The reunion will take place at Wimbledon, which runs from 29 June to 12 July, with the ladies’ doubles competition scheduled to begin on 1 July.

It is a major sporting story because Serena and Venus have won 14 Grand Slam doubles titles together, including six at Wimbledon, but the more meaningful part of this return sits away from the record books.

Serena Williams’ daughter inspires Wimbledon return

Serena’s comeback is not being framed as another singles title chase, or as an attempt to recreate the full force of her old career.

Instead, the return has been linked to her daughters, Olympia and Adira, with reports noting that Serena wanted them to have the chance to see her compete again.

Hours after their return was announced, Williams revealed it was her eight-year-old daughter who inspired the idea at the Berlin Open.

She said: “My daughter, Olympia, told me I should play with Venus, she’s always right
 she’s very smart.

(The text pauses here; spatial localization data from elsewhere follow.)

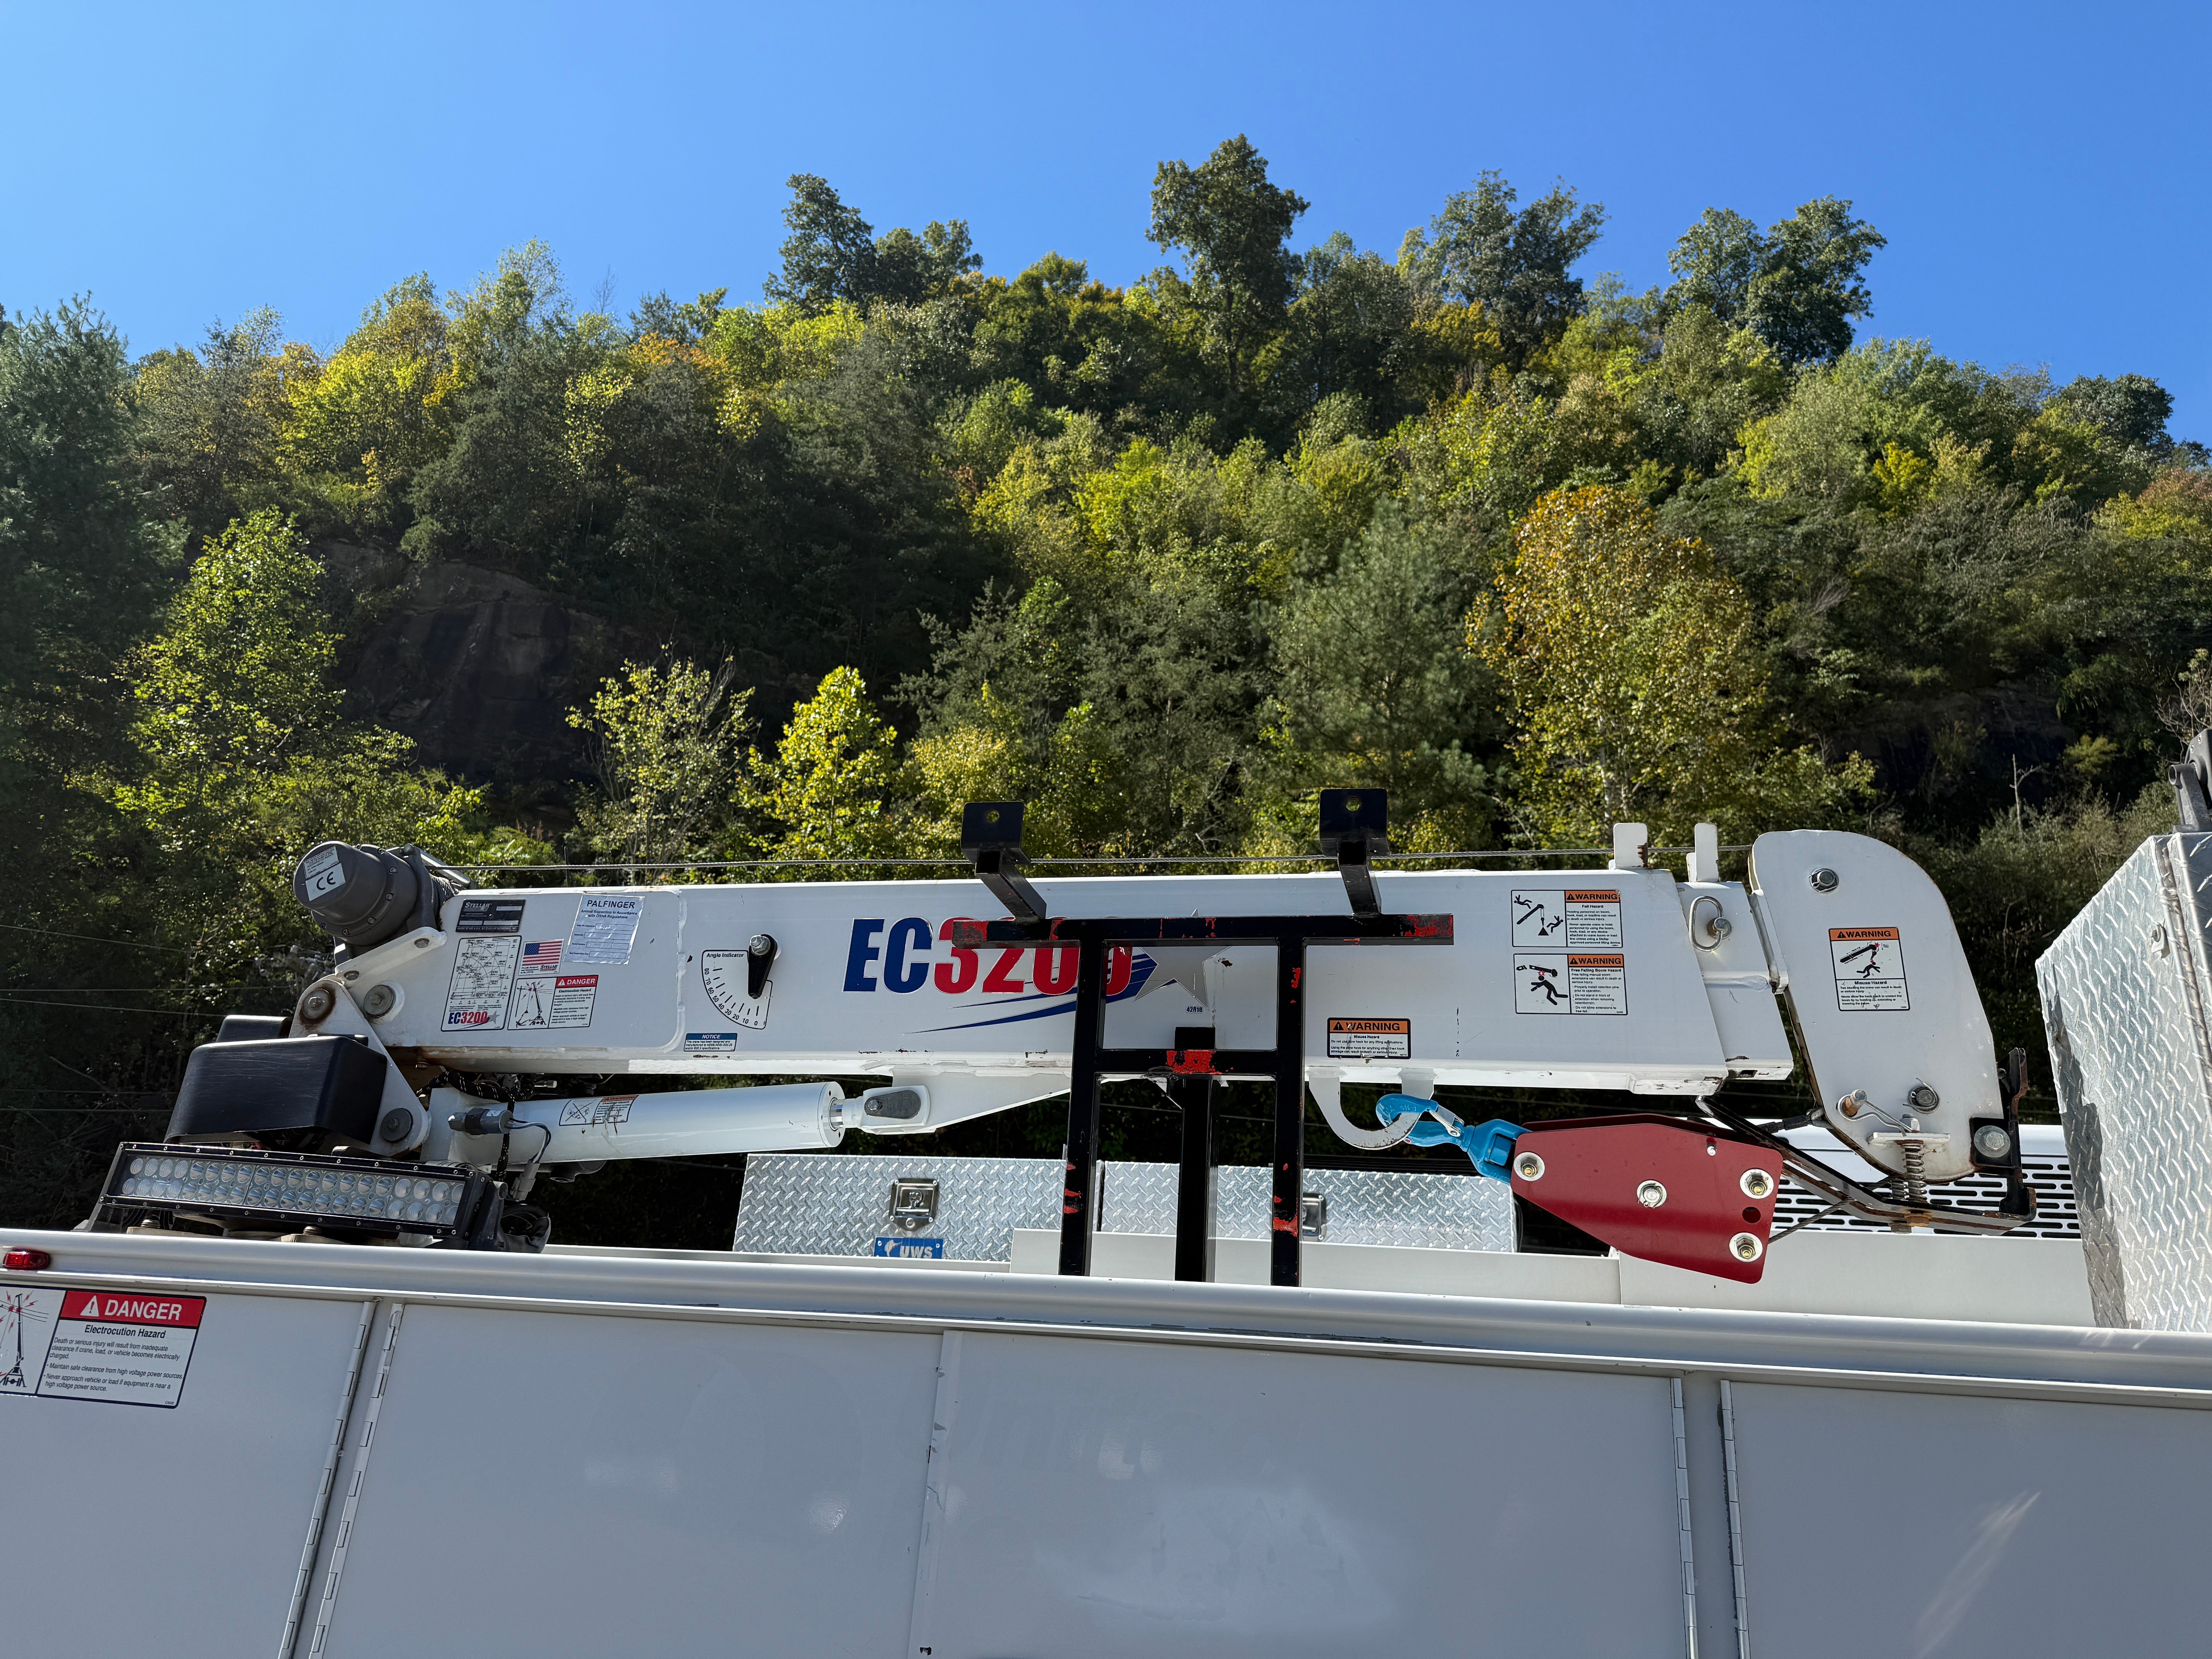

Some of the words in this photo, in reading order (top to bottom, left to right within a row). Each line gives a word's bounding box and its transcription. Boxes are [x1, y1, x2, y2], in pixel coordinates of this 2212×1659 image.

[317, 871, 336, 890] CE
[587, 900, 635, 908] PALFINGER
[448, 1011, 488, 1024] EC3200
[1346, 1022, 1400, 1031] WARNING
[900, 1246, 933, 1258] UWS
[105, 1300, 182, 1321] DANGER
[85, 1324, 136, 1336] Electrocution
[138, 1328, 166, 1338] Hazard
[141, 1344, 168, 1352] inadequate
[155, 1353, 180, 1361] electrically

She’s very wise, I think is a better word. So I said, ‘OK, Olympia, we’ll see if we can do it.’”

That changes the tone of the whole story. Wimbledon is not only staging one of tennis’ great partnerships again, it is giving Serena a chance to show her children part of a life they were too young to fully witness.

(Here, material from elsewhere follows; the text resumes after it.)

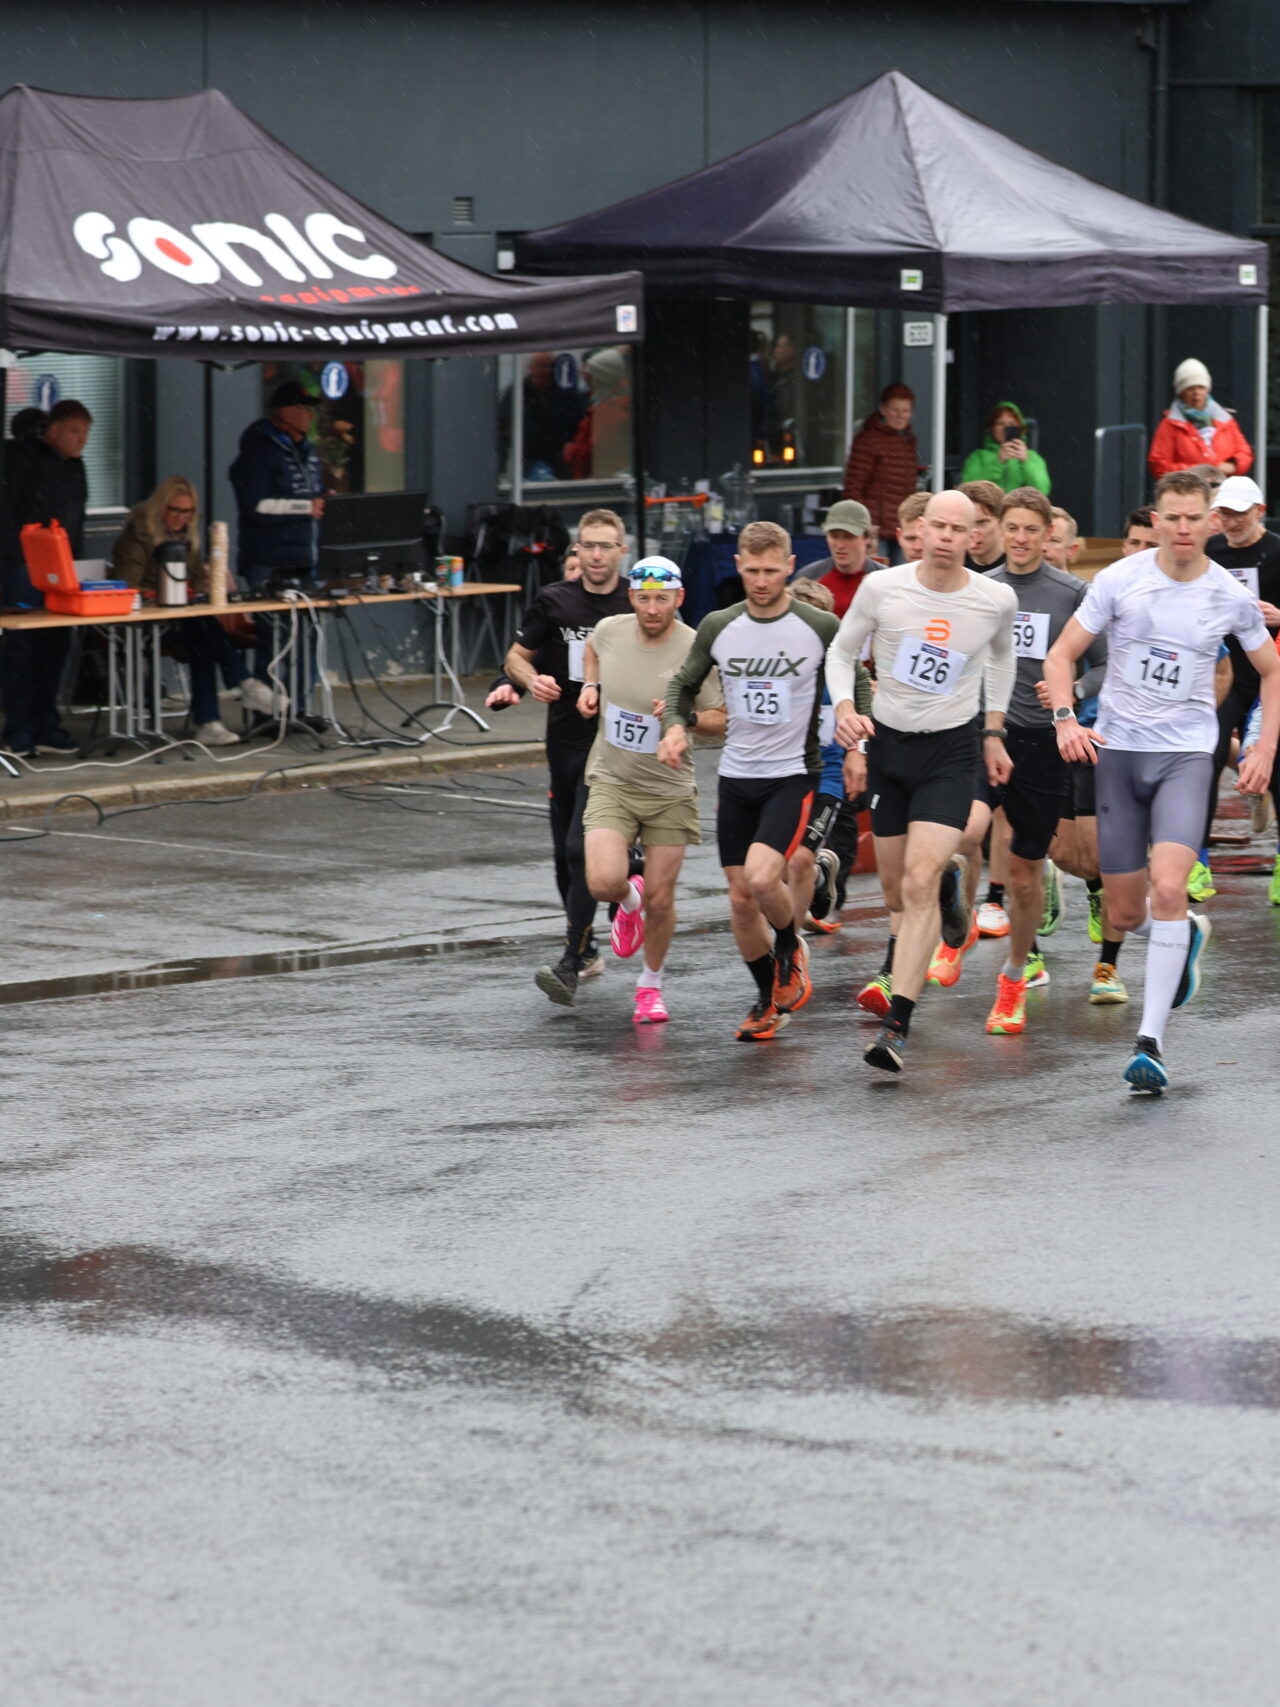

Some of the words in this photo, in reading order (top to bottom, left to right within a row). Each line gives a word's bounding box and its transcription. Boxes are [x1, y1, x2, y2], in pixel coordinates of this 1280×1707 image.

16 Jan 1998: Teenage tennis sisters from America, Venus (left) and Serena Williams take time off a practise session to pose together during the Adidas International event at White City in Sydney, Australia. Mandatory Credit: Clive Brunskill/Allsport
16 Jan 1998: Teenage tennis sisters from America, Venus (left) and Serena Williams take time off a practise session to pose together during the Adidas International event at White City in Sydney, Australia. Mandatory Credit: Clive Brunskill/Allsport

For a player whose career was built on winning the biggest matches in the most-watched arenas, this return has a different centre. The stakes are personal before they are historical.

The sisters last played doubles together at the 2022 US Open, where they lost in the first round to Linda Noskova and Lucie Hradecka.

Now they return at the tournament where their shared legacy is especially strong. Serena and Venus won Wimbledon doubles titles in 2000, 2002, 2008, 2009, 2012 and 2016.

That record matters, but it should not swallow the human part of the story. Venus is not just a famous partner for Serena, she is the person most closely tied to the journey that shaped her career.

This is not just a nostalgia act

There will be obvious nostalgia when Serena and Venus walk out together at Wimbledon.

That is unavoidable, but reducing this to nostalgia undersells why the wildcard matters. The sisters were not simply popular champions, they were one of the defining doubles teams in Grand Slam history.

Their return also comes with a clear boundary. Serena has not needed to sell this as a full return to the singles circuit, which makes the doubles wildcard feel more controlled and more personal.

Serena is not only stepping back into a place where she made history, she is doing it with her sister and in front of the next generation of her family.

Wimbledon is a fitting place for this kind of return because it carries so much of the Williams sisters’ shared history.